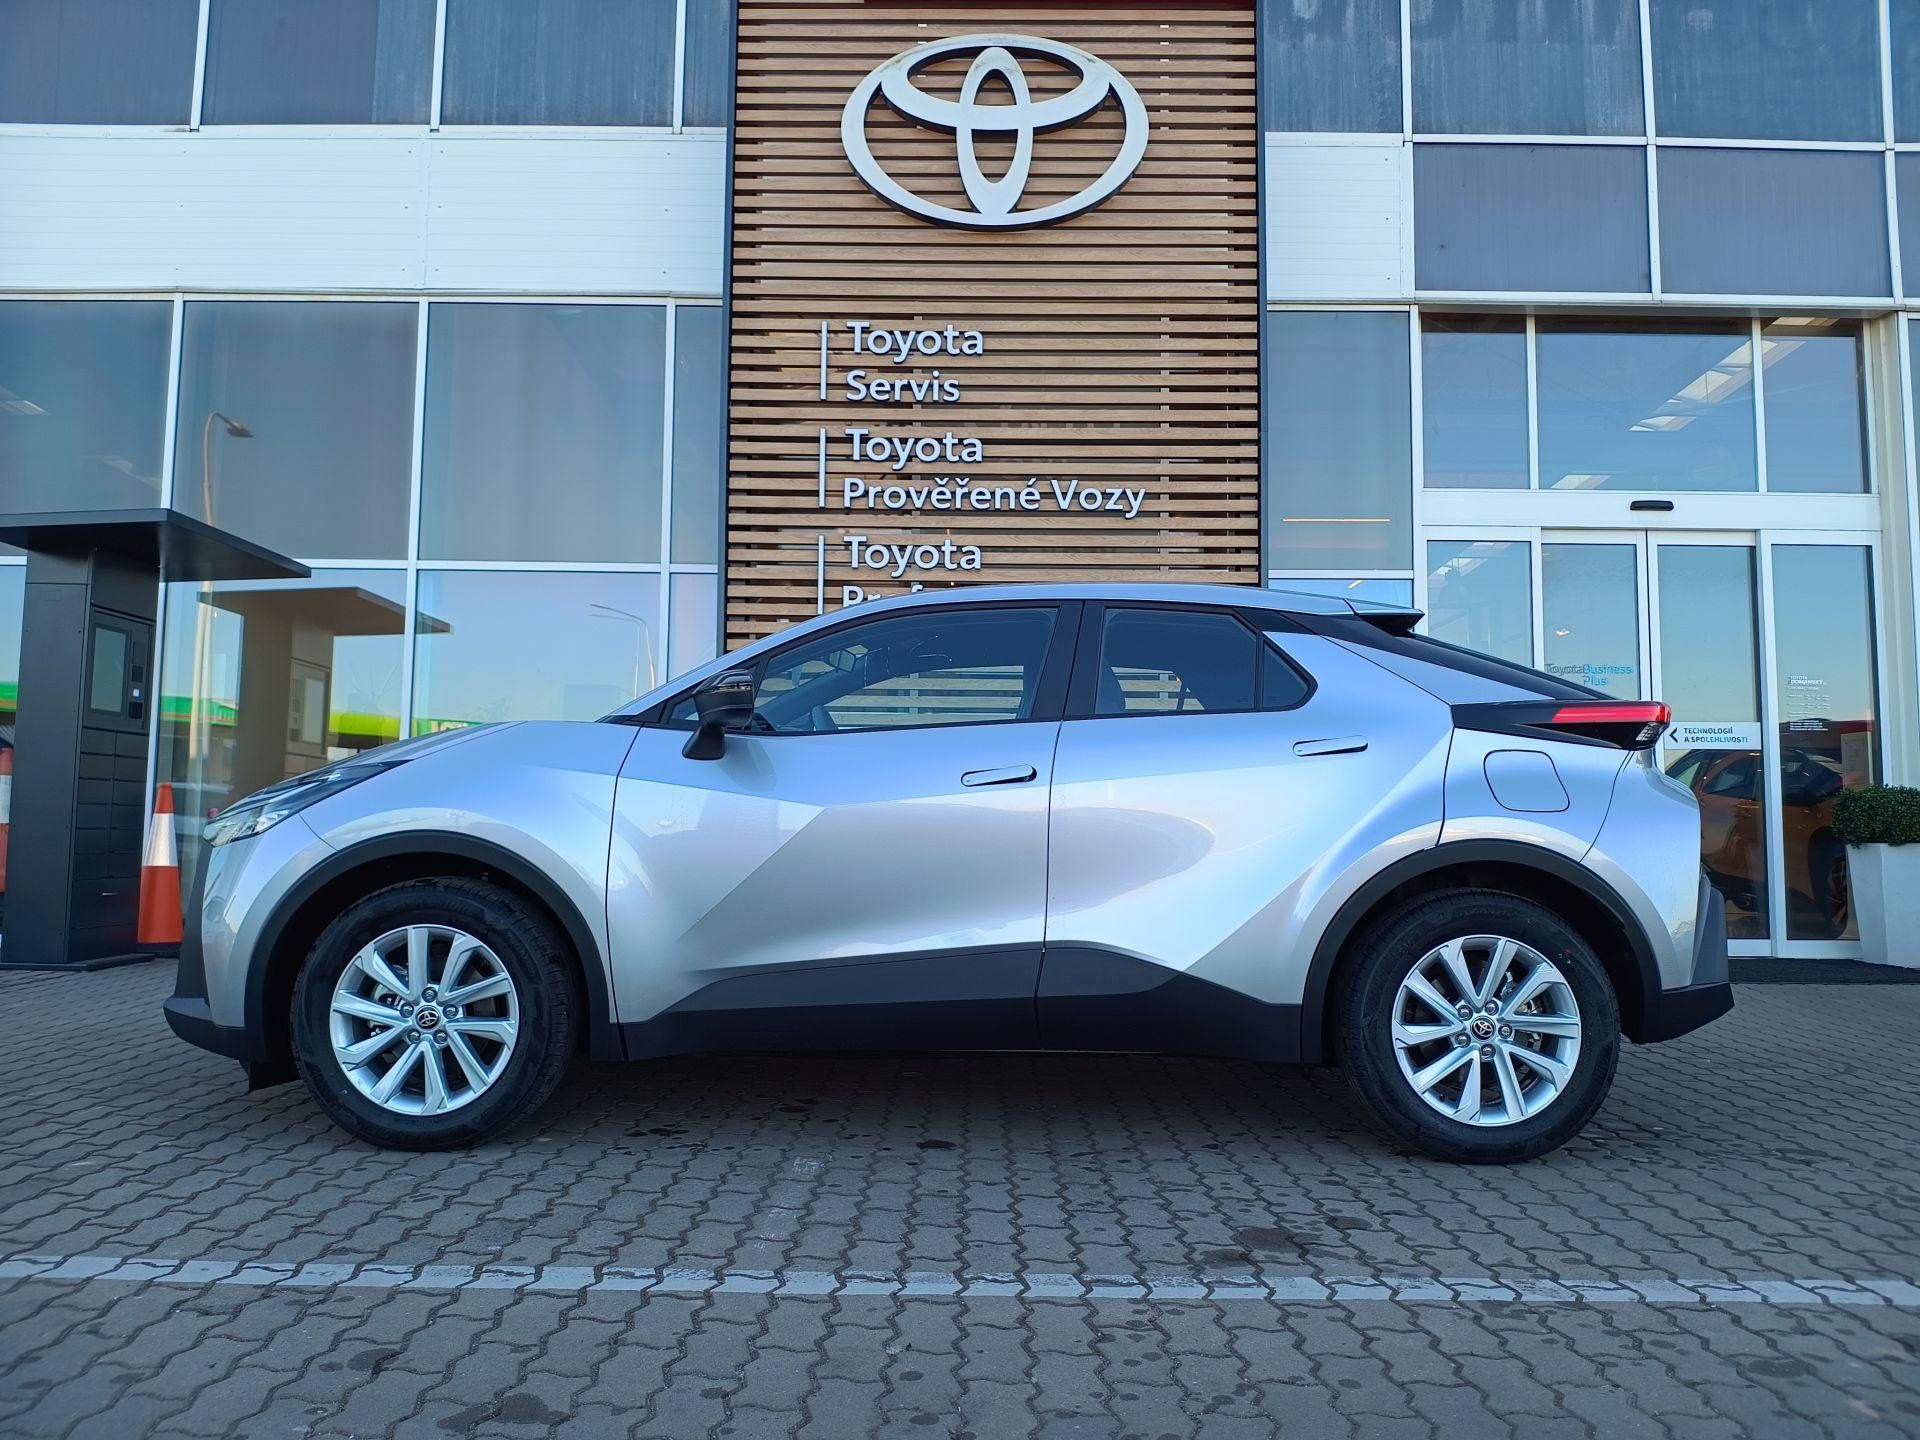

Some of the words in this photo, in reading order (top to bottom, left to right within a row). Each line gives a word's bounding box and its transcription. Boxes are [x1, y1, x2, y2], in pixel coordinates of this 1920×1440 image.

[846, 320, 985, 363] Toyota
[846, 370, 961, 402] Servis
[844, 428, 984, 471] Toyota
[843, 477, 1041, 511] Prověřené
[1050, 479, 1147, 519] Vozy
[843, 535, 982, 578] Toyota
[1583, 675, 1608, 686] Plus
[1683, 726, 1733, 735] TECHNOLOGIÍ

------

PROBLEM TO WORK ON
Leave out the pictures and return the rest of the records exactly.

SOLUTION
Some of the words in this photo, in reading order (top to bottom, left to right within a row). Each line gives a word's bounding box and its transcription. Boxes are [x1, y1, x2, y2], in pixel coordinates of this 1920×1440 image.

[846, 320, 985, 363] Toyota
[846, 370, 961, 402] Servis
[844, 428, 984, 471] Toyota
[843, 477, 1041, 511] Prověřené
[1050, 479, 1147, 519] Vozy
[843, 535, 982, 578] Toyota
[1583, 675, 1608, 686] Plus
[1683, 726, 1733, 735] TECHNOLOGIÍ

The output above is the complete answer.